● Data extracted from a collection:
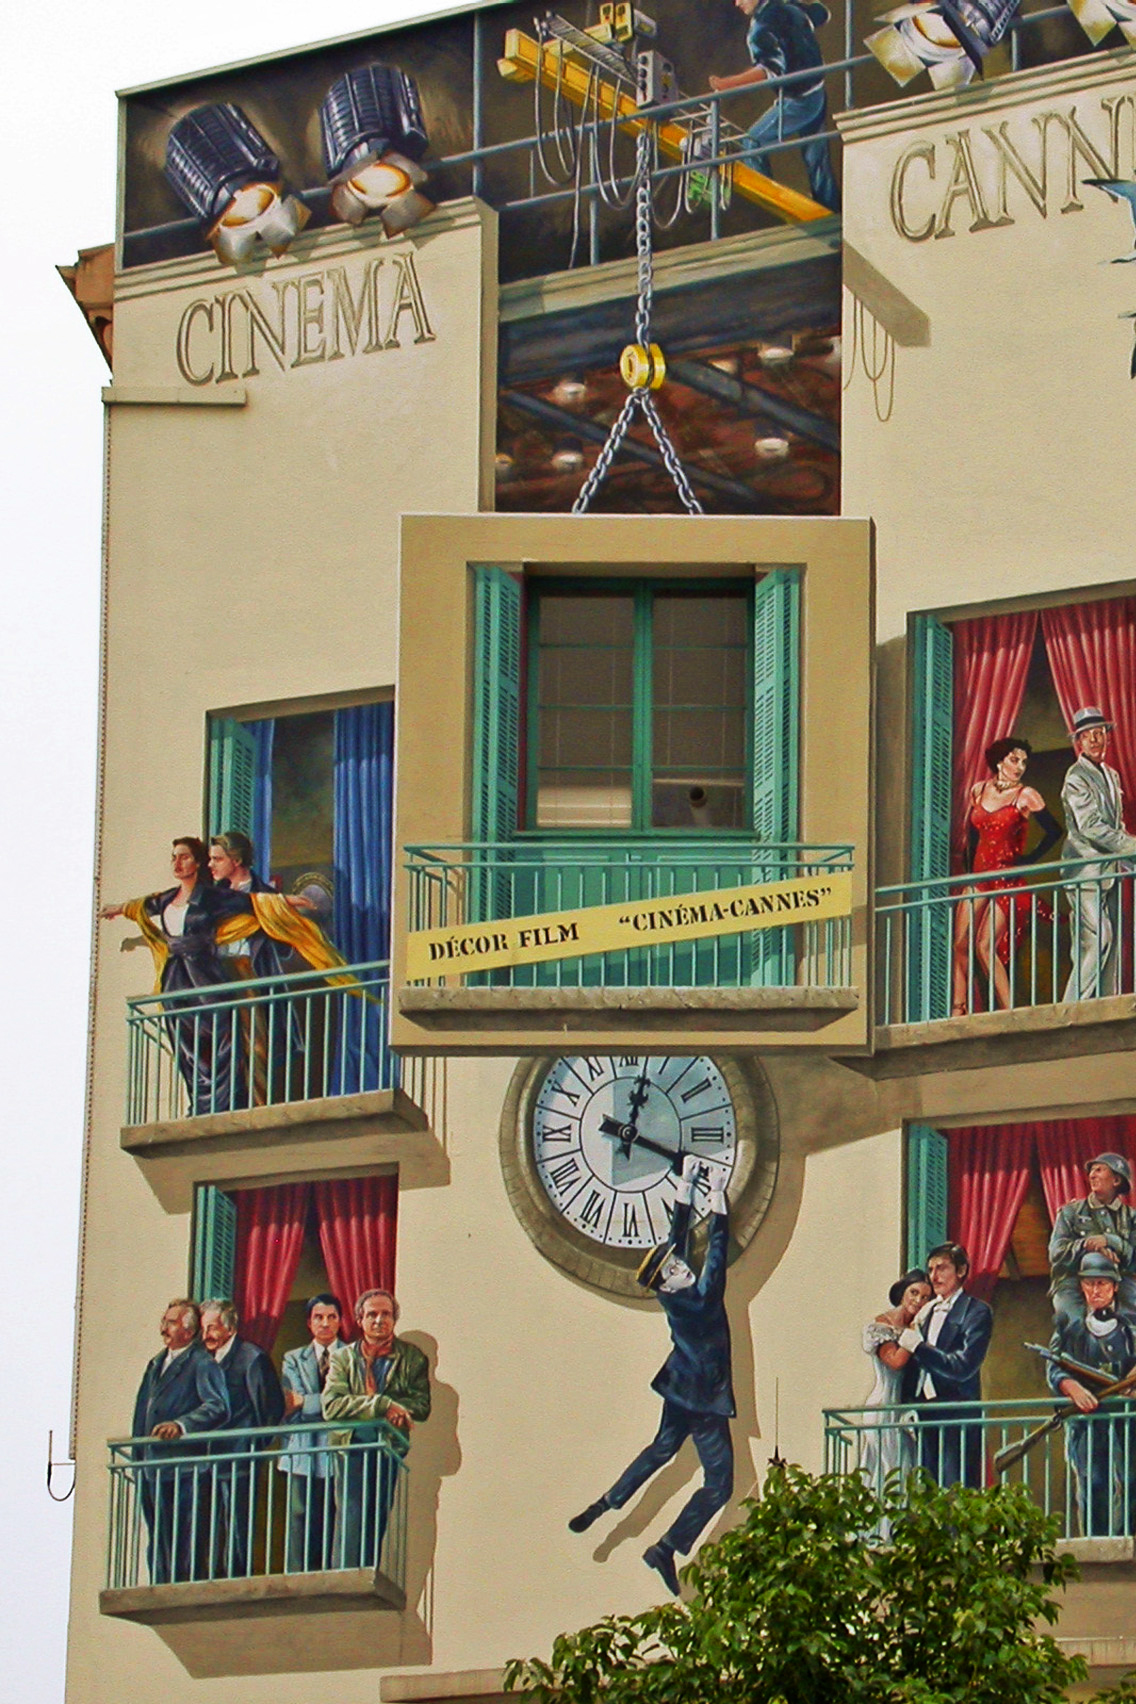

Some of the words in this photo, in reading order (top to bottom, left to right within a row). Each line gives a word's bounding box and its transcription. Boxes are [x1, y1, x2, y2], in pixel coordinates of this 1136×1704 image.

[176, 250, 437, 386] CINEMA
[428, 931, 509, 962] DÉCOR
[518, 921, 580, 949] FILM
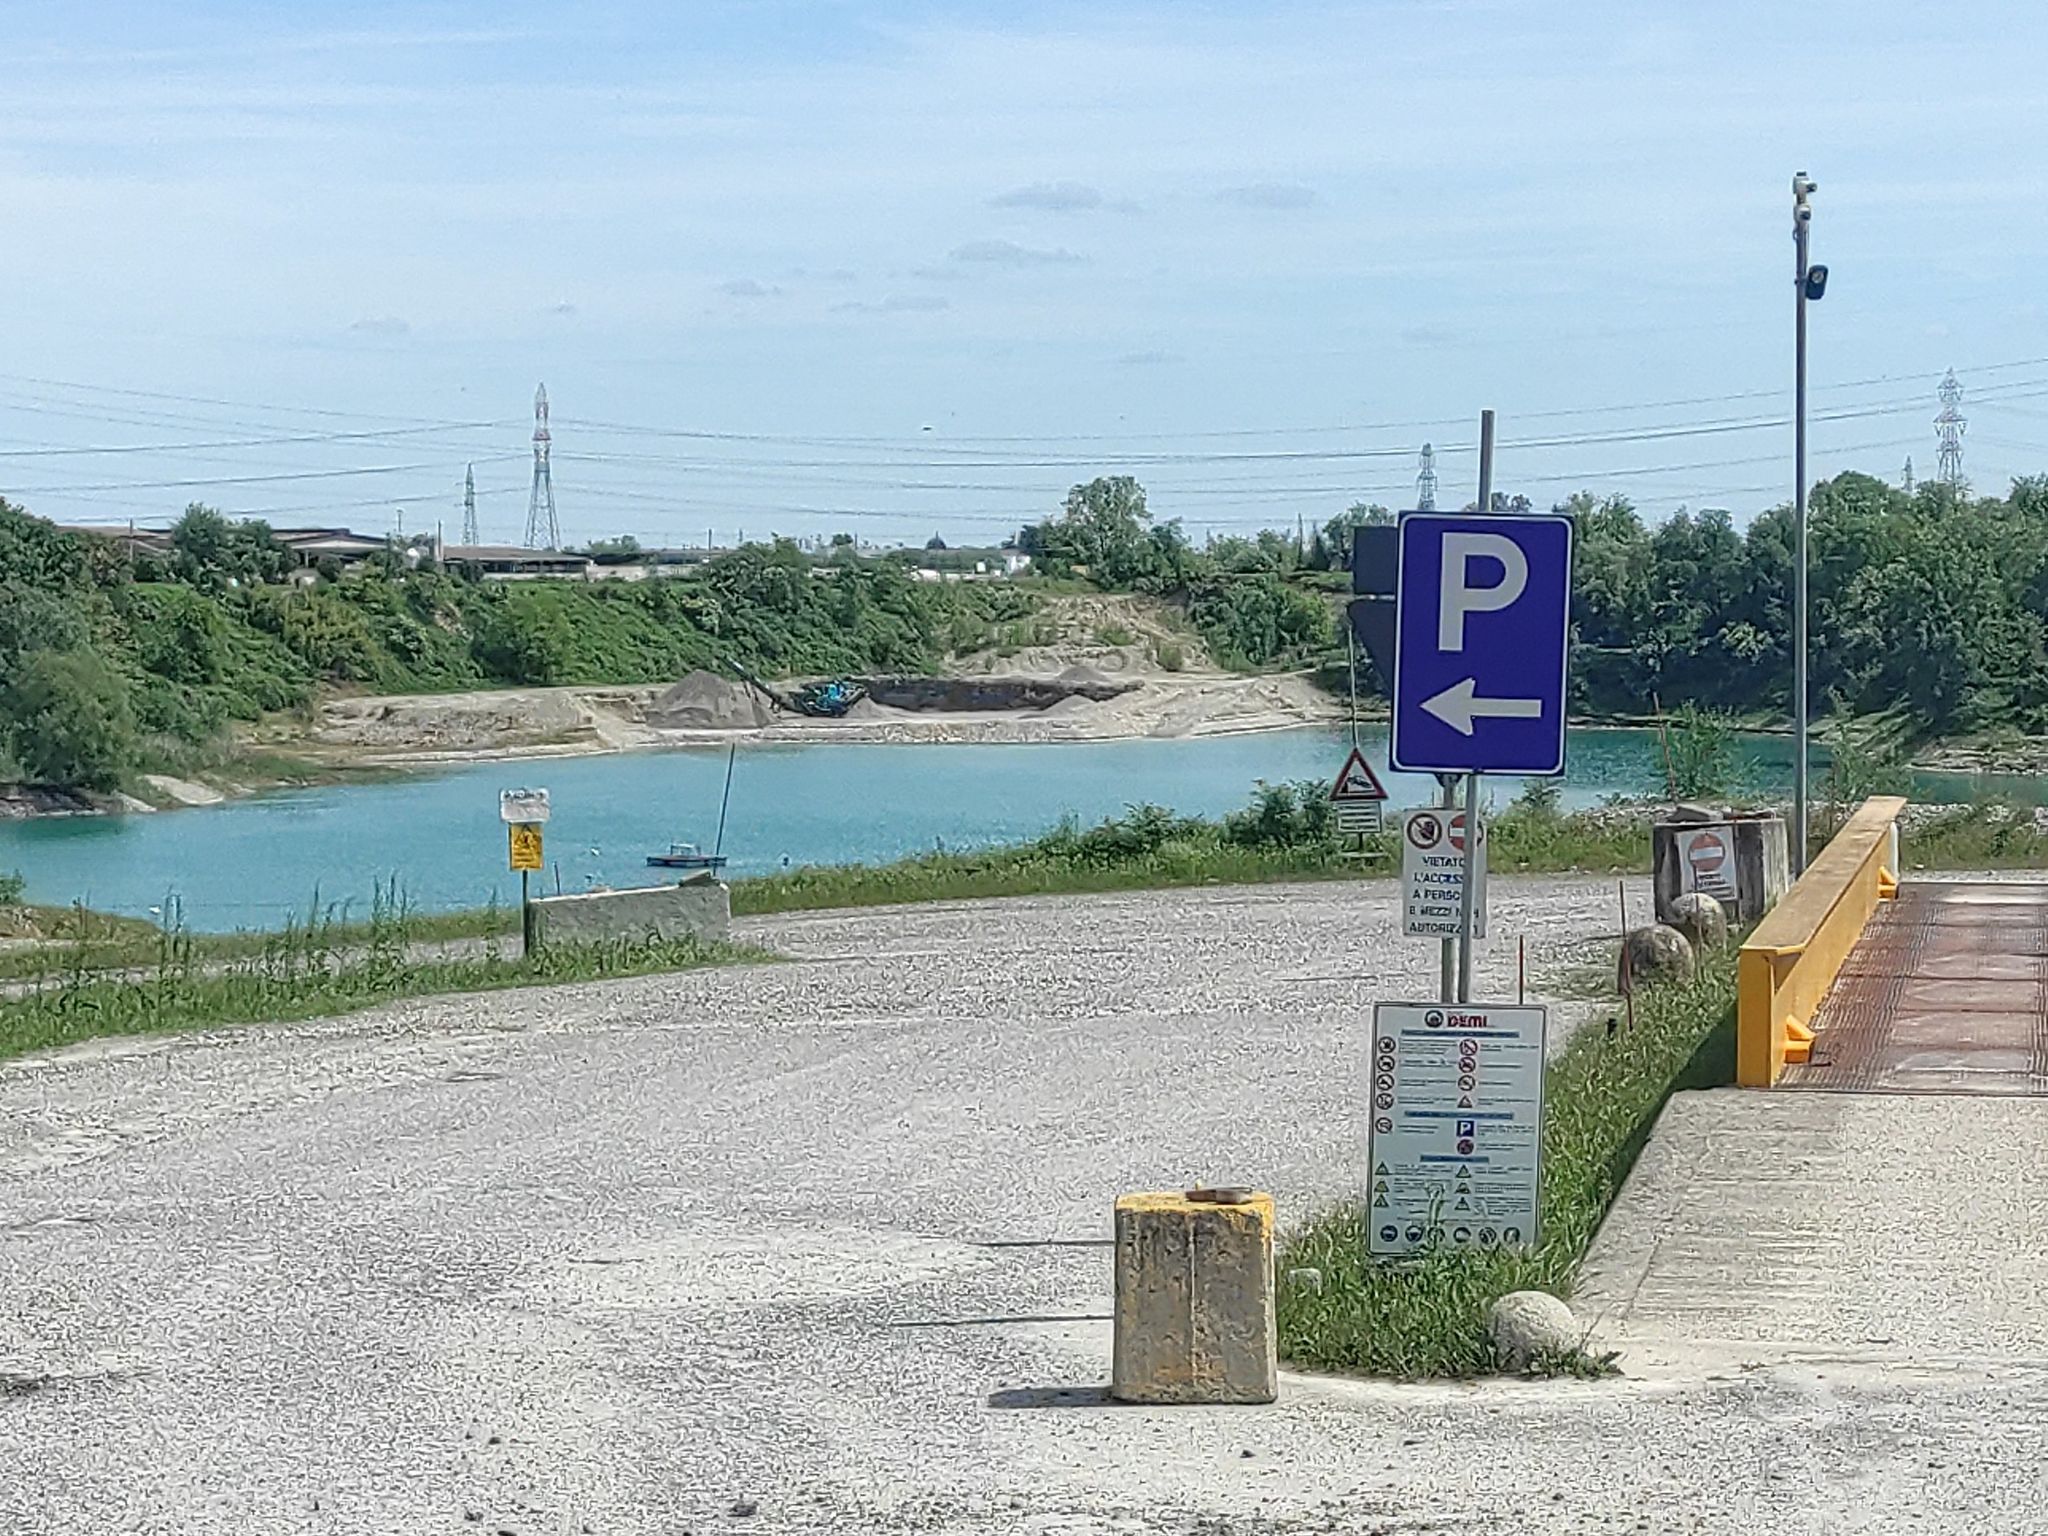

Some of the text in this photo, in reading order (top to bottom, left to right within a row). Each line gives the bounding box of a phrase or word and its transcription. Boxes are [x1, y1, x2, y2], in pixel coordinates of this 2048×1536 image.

[1438, 532, 1528, 651] P
[1413, 889, 1461, 900] A PERSO
[1447, 1015, 1488, 1028] DEMI
[1460, 1122, 1472, 1135] P

● Exercise aim: Pictures aside, every entry above must be repeated exactly.

● Solution:
Some of the words in this photo, in reading order (top to bottom, left to right within a row). Each line gives a word's bounding box and its transcription. Boxes are [x1, y1, x2, y2], in pixel coordinates of this 1136×1704 image.

[176, 250, 437, 386] CINEMA
[428, 931, 509, 962] DÉCOR
[518, 921, 580, 949] FILM

Some of the text in this photo, in reading order (top to bottom, left to right within a row). Each line gives the bounding box of a phrase or word and its transcription. Boxes are [x1, y1, x2, y2], in pixel coordinates of this 2048×1536 image.

[1438, 532, 1528, 651] P
[1413, 889, 1461, 900] A PERSO
[1447, 1015, 1488, 1028] DEMI
[1460, 1122, 1472, 1135] P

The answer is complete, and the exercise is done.